- Given data
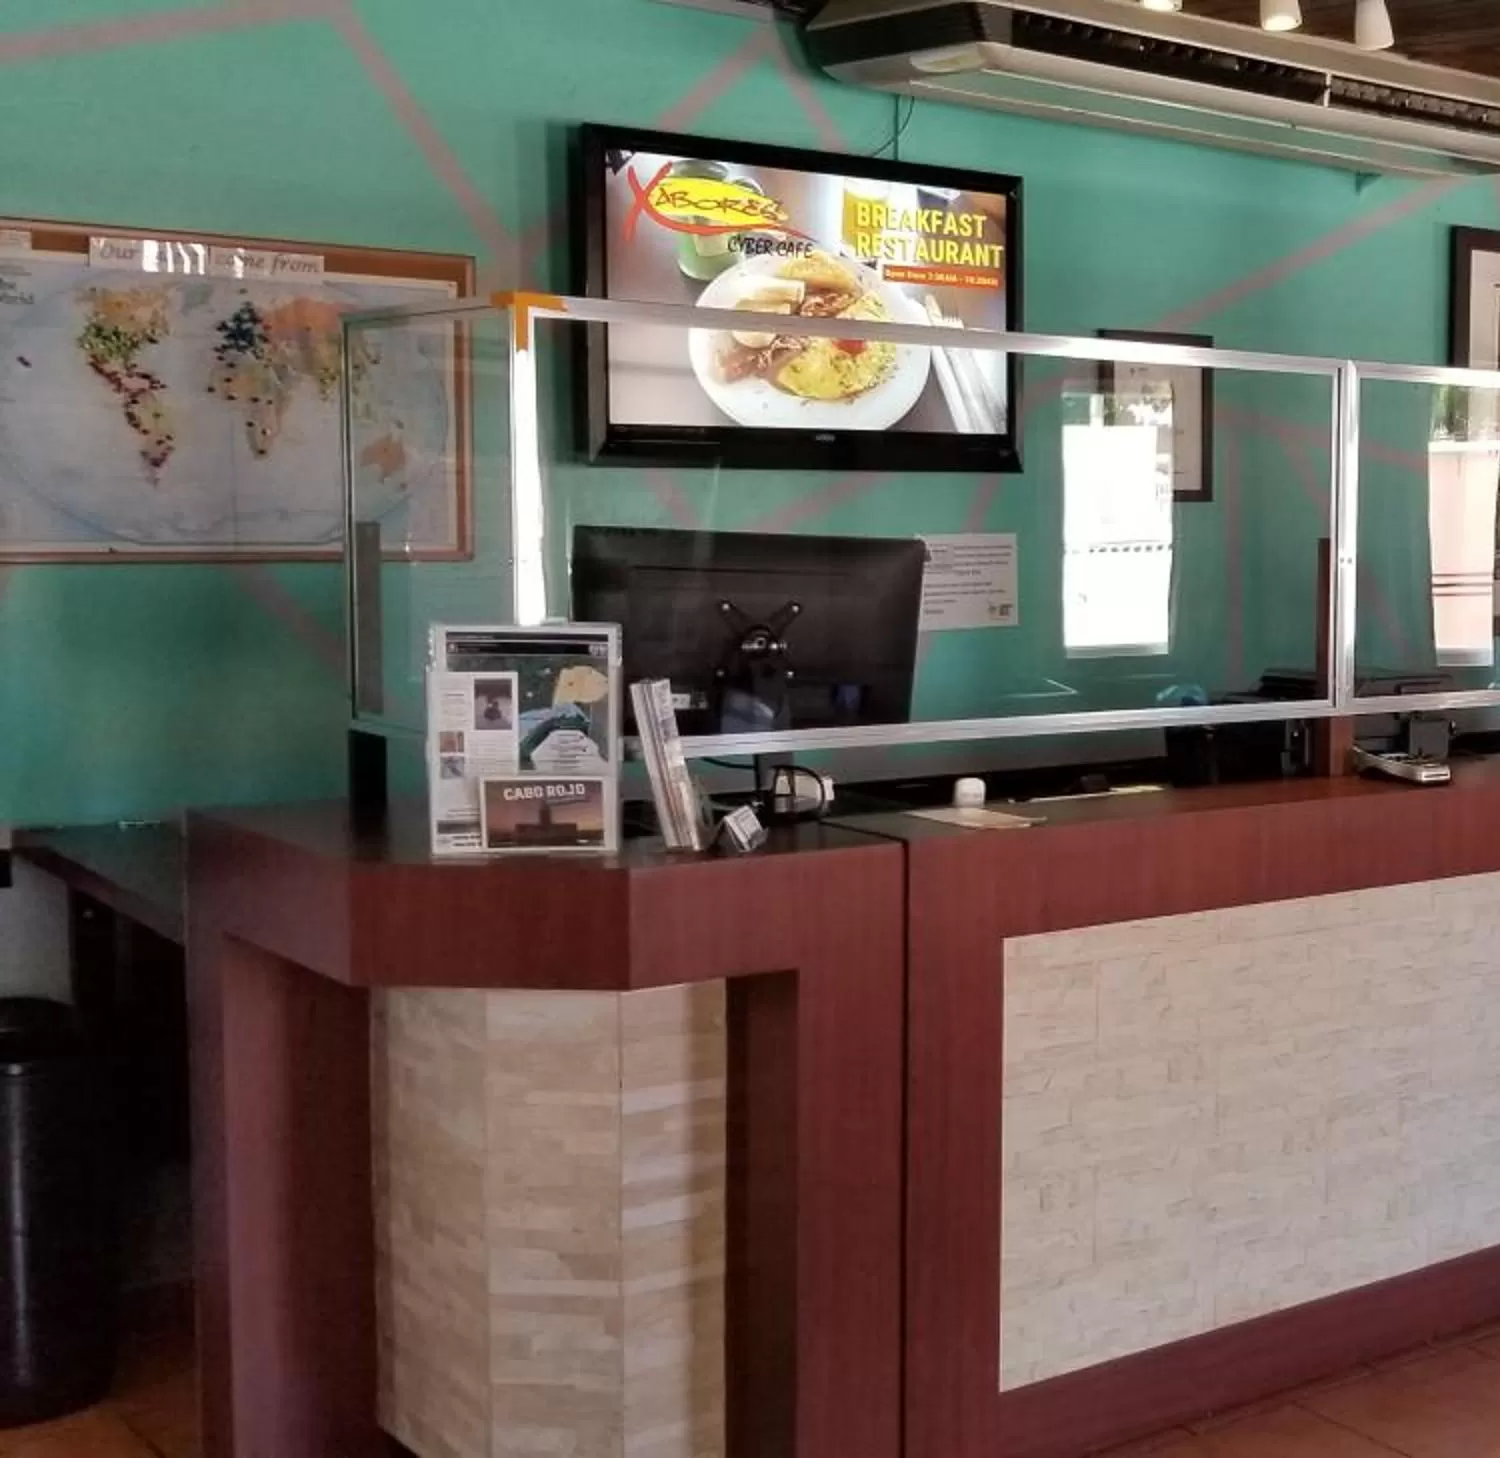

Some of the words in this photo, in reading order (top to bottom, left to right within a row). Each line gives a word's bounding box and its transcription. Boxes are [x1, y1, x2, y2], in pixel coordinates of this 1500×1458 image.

[857, 200, 988, 239] BREAKFAST
[727, 234, 773, 256] CYBER
[776, 240, 815, 259] CAFE
[857, 231, 1005, 269] RESTAURANT
[270, 254, 321, 275] from
[503, 786, 544, 800] CABO
[546, 784, 585, 798] ROJO
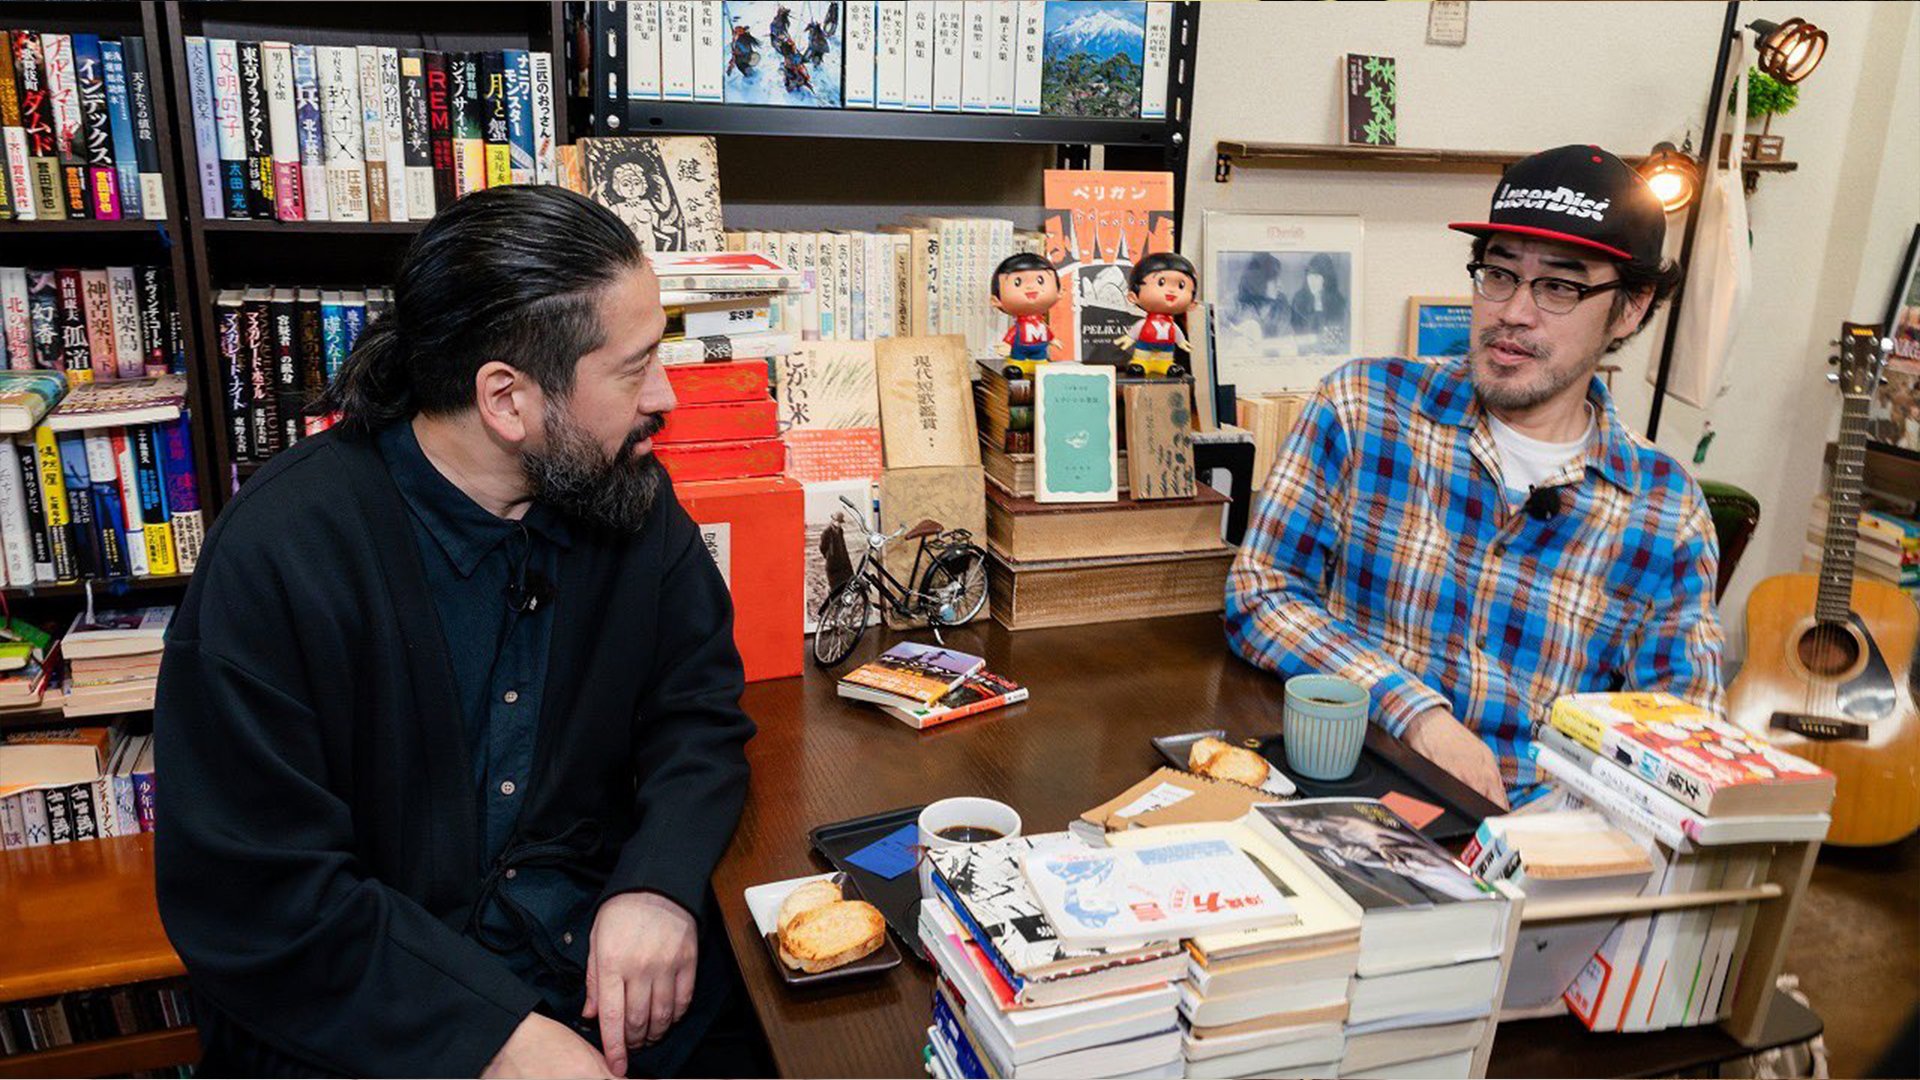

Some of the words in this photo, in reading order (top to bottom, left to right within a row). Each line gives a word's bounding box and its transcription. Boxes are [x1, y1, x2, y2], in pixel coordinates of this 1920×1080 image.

[79, 58, 113, 165] インデックス
[216, 48, 240, 139] 文明の子
[242, 46, 265, 152] 東京ブラックアウト
[428, 70, 450, 131] REM
[451, 60, 469, 140] ジェノサイド
[486, 72, 509, 143] 月と蟹
[504, 68, 522, 137] モンスター
[535, 57, 552, 140] 三匹のおっさん
[228, 163, 247, 209] 太田光
[677, 157, 706, 184] 鍵
[1071, 185, 1147, 200] ペリカン
[32, 302, 58, 346] 幻香
[62, 324, 89, 370] 孤道
[246, 311, 267, 400] マスカレード・ホテル
[1025, 323, 1048, 343] M
[1150, 319, 1173, 341] Y
[224, 313, 247, 410] マスカレード・ナイト
[784, 350, 812, 426] にがい米

- What is needed
From the line with "this 1920×1080 image." to the final line of the entries above, return every line exactly as written.

- Response to this exercise
Some of the words in this photo, in reading order (top to bottom, left to right within a row). Each line gives a word's bounding box and its transcription. Boxes are [x1, y1, x2, y2], in pixel coordinates of this 1920×1080 image.

[79, 58, 113, 165] インデックス
[216, 48, 240, 139] 文明の子
[242, 46, 265, 152] 東京ブラックアウト
[428, 70, 450, 131] REM
[451, 60, 469, 140] ジェノサイド
[486, 72, 509, 143] 月と蟹
[504, 68, 522, 137] モンスター
[535, 57, 552, 140] 三匹のおっさん
[228, 163, 247, 209] 太田光
[677, 157, 706, 184] 鍵
[1071, 185, 1147, 200] ペリカン
[32, 302, 58, 346] 幻香
[62, 324, 89, 370] 孤道
[246, 311, 267, 400] マスカレード・ホテル
[1025, 323, 1048, 343] M
[1150, 319, 1173, 341] Y
[224, 313, 247, 410] マスカレード・ナイト
[784, 350, 812, 426] にがい米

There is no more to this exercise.